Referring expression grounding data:
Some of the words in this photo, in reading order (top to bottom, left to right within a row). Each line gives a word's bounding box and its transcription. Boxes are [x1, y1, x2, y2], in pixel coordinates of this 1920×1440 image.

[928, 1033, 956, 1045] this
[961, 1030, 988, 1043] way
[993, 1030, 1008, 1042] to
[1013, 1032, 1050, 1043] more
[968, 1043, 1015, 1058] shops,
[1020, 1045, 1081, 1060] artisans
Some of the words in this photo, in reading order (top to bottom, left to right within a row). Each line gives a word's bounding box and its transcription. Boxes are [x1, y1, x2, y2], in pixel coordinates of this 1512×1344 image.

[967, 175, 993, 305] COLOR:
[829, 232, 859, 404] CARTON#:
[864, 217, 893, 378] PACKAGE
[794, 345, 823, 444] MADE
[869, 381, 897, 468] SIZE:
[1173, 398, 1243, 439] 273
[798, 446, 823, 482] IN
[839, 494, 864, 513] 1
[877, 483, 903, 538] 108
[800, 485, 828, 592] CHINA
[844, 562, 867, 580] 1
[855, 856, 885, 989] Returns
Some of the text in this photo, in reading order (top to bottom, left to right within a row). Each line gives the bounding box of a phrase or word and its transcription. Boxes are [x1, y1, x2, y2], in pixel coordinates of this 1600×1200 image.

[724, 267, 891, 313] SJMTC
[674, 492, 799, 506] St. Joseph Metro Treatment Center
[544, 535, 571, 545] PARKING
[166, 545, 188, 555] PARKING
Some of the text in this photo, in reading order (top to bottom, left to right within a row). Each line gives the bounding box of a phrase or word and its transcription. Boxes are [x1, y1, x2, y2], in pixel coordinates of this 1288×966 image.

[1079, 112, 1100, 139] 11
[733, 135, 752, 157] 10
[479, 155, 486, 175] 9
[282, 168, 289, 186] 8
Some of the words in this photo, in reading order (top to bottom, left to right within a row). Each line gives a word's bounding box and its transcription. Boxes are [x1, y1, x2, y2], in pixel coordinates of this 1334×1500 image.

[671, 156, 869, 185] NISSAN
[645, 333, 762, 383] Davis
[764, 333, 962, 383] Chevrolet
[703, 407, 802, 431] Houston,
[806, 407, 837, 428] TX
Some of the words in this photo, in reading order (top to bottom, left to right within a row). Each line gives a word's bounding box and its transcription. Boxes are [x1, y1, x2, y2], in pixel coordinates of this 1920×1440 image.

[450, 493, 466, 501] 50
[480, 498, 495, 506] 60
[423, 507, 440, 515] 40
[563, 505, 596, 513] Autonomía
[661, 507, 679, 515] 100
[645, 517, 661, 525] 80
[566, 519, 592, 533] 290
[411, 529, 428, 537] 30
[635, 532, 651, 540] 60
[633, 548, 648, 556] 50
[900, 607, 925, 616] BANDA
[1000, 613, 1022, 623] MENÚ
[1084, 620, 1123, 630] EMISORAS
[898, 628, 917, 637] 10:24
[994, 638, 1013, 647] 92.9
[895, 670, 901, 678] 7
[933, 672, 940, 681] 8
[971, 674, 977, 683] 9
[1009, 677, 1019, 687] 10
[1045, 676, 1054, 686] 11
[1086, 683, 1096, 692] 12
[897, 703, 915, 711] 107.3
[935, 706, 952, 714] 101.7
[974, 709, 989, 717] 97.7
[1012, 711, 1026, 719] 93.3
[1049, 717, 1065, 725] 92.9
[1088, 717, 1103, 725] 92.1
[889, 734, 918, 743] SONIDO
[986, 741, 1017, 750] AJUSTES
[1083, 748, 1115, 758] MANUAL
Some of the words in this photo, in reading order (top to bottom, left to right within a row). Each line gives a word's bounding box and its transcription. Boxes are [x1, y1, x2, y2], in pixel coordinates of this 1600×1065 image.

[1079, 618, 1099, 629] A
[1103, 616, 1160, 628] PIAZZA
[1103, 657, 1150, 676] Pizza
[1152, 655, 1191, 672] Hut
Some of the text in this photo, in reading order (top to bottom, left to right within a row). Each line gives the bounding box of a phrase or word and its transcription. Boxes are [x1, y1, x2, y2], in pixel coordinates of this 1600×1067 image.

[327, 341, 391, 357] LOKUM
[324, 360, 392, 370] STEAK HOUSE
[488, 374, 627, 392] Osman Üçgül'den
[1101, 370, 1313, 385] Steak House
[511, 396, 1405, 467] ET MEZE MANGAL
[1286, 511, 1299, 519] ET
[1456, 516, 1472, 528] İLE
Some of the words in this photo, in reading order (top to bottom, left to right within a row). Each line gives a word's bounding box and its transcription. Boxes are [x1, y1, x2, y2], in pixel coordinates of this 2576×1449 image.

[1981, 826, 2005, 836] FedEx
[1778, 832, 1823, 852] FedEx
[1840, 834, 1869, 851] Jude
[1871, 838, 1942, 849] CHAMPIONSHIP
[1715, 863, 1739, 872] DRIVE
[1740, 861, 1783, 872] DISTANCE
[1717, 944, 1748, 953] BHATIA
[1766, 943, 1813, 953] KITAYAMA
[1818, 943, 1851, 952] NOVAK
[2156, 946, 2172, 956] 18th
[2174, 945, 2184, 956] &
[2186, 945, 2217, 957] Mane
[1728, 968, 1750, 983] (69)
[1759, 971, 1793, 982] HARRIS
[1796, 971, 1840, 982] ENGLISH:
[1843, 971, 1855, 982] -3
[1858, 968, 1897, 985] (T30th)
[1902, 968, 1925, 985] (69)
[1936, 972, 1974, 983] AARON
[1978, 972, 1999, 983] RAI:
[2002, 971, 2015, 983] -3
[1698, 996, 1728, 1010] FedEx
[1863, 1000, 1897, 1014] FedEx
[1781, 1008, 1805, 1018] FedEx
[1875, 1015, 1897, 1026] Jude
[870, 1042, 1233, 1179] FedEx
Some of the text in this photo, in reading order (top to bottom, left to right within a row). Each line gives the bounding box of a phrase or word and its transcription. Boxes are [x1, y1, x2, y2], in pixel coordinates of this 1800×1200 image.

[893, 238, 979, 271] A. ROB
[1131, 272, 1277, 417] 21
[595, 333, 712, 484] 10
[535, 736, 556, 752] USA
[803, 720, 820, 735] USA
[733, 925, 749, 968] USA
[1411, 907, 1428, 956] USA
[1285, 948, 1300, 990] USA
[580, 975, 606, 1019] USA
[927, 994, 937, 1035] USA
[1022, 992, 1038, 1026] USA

● **Prompt**: Copy out the data shown above without altering anything.

● **Result**:
Some of the words in this photo, in reading order (top to bottom, left to right within a row). Each line gives a word's bounding box and its transcription. Boxes are [x1, y1, x2, y2], in pixel coordinates of this 1920×1440 image.

[928, 1033, 956, 1045] this
[961, 1030, 988, 1043] way
[993, 1030, 1008, 1042] to
[1013, 1032, 1050, 1043] more
[968, 1043, 1015, 1058] shops,
[1020, 1045, 1081, 1060] artisans
Some of the words in this photo, in reading order (top to bottom, left to right within a row). Each line gives a word's bounding box and its transcription. Boxes are [x1, y1, x2, y2], in pixel coordinates of this 1512×1344 image.

[967, 175, 993, 305] COLOR:
[829, 232, 859, 404] CARTON#:
[864, 217, 893, 378] PACKAGE
[794, 345, 823, 444] MADE
[869, 381, 897, 468] SIZE:
[1173, 398, 1243, 439] 273
[798, 446, 823, 482] IN
[839, 494, 864, 513] 1
[877, 483, 903, 538] 108
[800, 485, 828, 592] CHINA
[844, 562, 867, 580] 1
[855, 856, 885, 989] Returns
Some of the text in this photo, in reading order (top to bottom, left to right within a row). Each line gives the bounding box of a phrase or word and its transcription. Boxes are [x1, y1, x2, y2], in pixel coordinates of this 1600×1200 image.

[724, 267, 891, 313] SJMTC
[674, 492, 799, 506] St. Joseph Metro Treatment Center
[544, 535, 571, 545] PARKING
[166, 545, 188, 555] PARKING
Some of the text in this photo, in reading order (top to bottom, left to right within a row). Each line gives the bounding box of a phrase or word and its transcription. Boxes are [x1, y1, x2, y2], in pixel coordinates of this 1288×966 image.

[1079, 112, 1100, 139] 11
[733, 135, 752, 157] 10
[479, 155, 486, 175] 9
[282, 168, 289, 186] 8
Some of the words in this photo, in reading order (top to bottom, left to right within a row). Each line gives a word's bounding box and its transcription. Boxes are [x1, y1, x2, y2], in pixel coordinates of this 1334×1500 image.

[671, 156, 869, 185] NISSAN
[645, 333, 762, 383] Davis
[764, 333, 962, 383] Chevrolet
[703, 407, 802, 431] Houston,
[806, 407, 837, 428] TX
Some of the words in this photo, in reading order (top to bottom, left to right within a row). Each line gives a word's bounding box and its transcription. Boxes are [x1, y1, x2, y2], in pixel coordinates of this 1920×1440 image.

[450, 493, 466, 501] 50
[480, 498, 495, 506] 60
[423, 507, 440, 515] 40
[563, 505, 596, 513] Autonomía
[661, 507, 679, 515] 100
[645, 517, 661, 525] 80
[566, 519, 592, 533] 290
[411, 529, 428, 537] 30
[635, 532, 651, 540] 60
[633, 548, 648, 556] 50
[900, 607, 925, 616] BANDA
[1000, 613, 1022, 623] MENÚ
[1084, 620, 1123, 630] EMISORAS
[898, 628, 917, 637] 10:24
[994, 638, 1013, 647] 92.9
[895, 670, 901, 678] 7
[933, 672, 940, 681] 8
[971, 674, 977, 683] 9
[1009, 677, 1019, 687] 10
[1045, 676, 1054, 686] 11
[1086, 683, 1096, 692] 12
[897, 703, 915, 711] 107.3
[935, 706, 952, 714] 101.7
[974, 709, 989, 717] 97.7
[1012, 711, 1026, 719] 93.3
[1049, 717, 1065, 725] 92.9
[1088, 717, 1103, 725] 92.1
[889, 734, 918, 743] SONIDO
[986, 741, 1017, 750] AJUSTES
[1083, 748, 1115, 758] MANUAL
Some of the words in this photo, in reading order (top to bottom, left to right within a row). Each line gives a word's bounding box and its transcription. Boxes are [x1, y1, x2, y2], in pixel coordinates of this 1600×1065 image.

[1079, 618, 1099, 629] A
[1103, 616, 1160, 628] PIAZZA
[1103, 657, 1150, 676] Pizza
[1152, 655, 1191, 672] Hut
Some of the text in this photo, in reading order (top to bottom, left to right within a row). Each line gives the bounding box of a phrase or word and its transcription. Boxes are [x1, y1, x2, y2], in pixel coordinates of this 1600×1067 image.

[327, 341, 391, 357] LOKUM
[324, 360, 392, 370] STEAK HOUSE
[488, 374, 627, 392] Osman Üçgül'den
[1101, 370, 1313, 385] Steak House
[511, 396, 1405, 467] ET MEZE MANGAL
[1286, 511, 1299, 519] ET
[1456, 516, 1472, 528] İLE
Some of the words in this photo, in reading order (top to bottom, left to right within a row). Each line gives a word's bounding box and its transcription. Boxes are [x1, y1, x2, y2], in pixel coordinates of this 2576×1449 image.

[1981, 826, 2005, 836] FedEx
[1778, 832, 1823, 852] FedEx
[1840, 834, 1869, 851] Jude
[1871, 838, 1942, 849] CHAMPIONSHIP
[1715, 863, 1739, 872] DRIVE
[1740, 861, 1783, 872] DISTANCE
[1717, 944, 1748, 953] BHATIA
[1766, 943, 1813, 953] KITAYAMA
[1818, 943, 1851, 952] NOVAK
[2156, 946, 2172, 956] 18th
[2174, 945, 2184, 956] &
[2186, 945, 2217, 957] Mane
[1728, 968, 1750, 983] (69)
[1759, 971, 1793, 982] HARRIS
[1796, 971, 1840, 982] ENGLISH:
[1843, 971, 1855, 982] -3
[1858, 968, 1897, 985] (T30th)
[1902, 968, 1925, 985] (69)
[1936, 972, 1974, 983] AARON
[1978, 972, 1999, 983] RAI:
[2002, 971, 2015, 983] -3
[1698, 996, 1728, 1010] FedEx
[1863, 1000, 1897, 1014] FedEx
[1781, 1008, 1805, 1018] FedEx
[1875, 1015, 1897, 1026] Jude
[870, 1042, 1233, 1179] FedEx
Some of the text in this photo, in reading order (top to bottom, left to right within a row). Each line gives the bounding box of a phrase or word and its transcription. Boxes are [x1, y1, x2, y2], in pixel coordinates of this 1800×1200 image.

[893, 238, 979, 271] A. ROB
[1131, 272, 1277, 417] 21
[595, 333, 712, 484] 10
[535, 736, 556, 752] USA
[803, 720, 820, 735] USA
[733, 925, 749, 968] USA
[1411, 907, 1428, 956] USA
[1285, 948, 1300, 990] USA
[580, 975, 606, 1019] USA
[927, 994, 937, 1035] USA
[1022, 992, 1038, 1026] USA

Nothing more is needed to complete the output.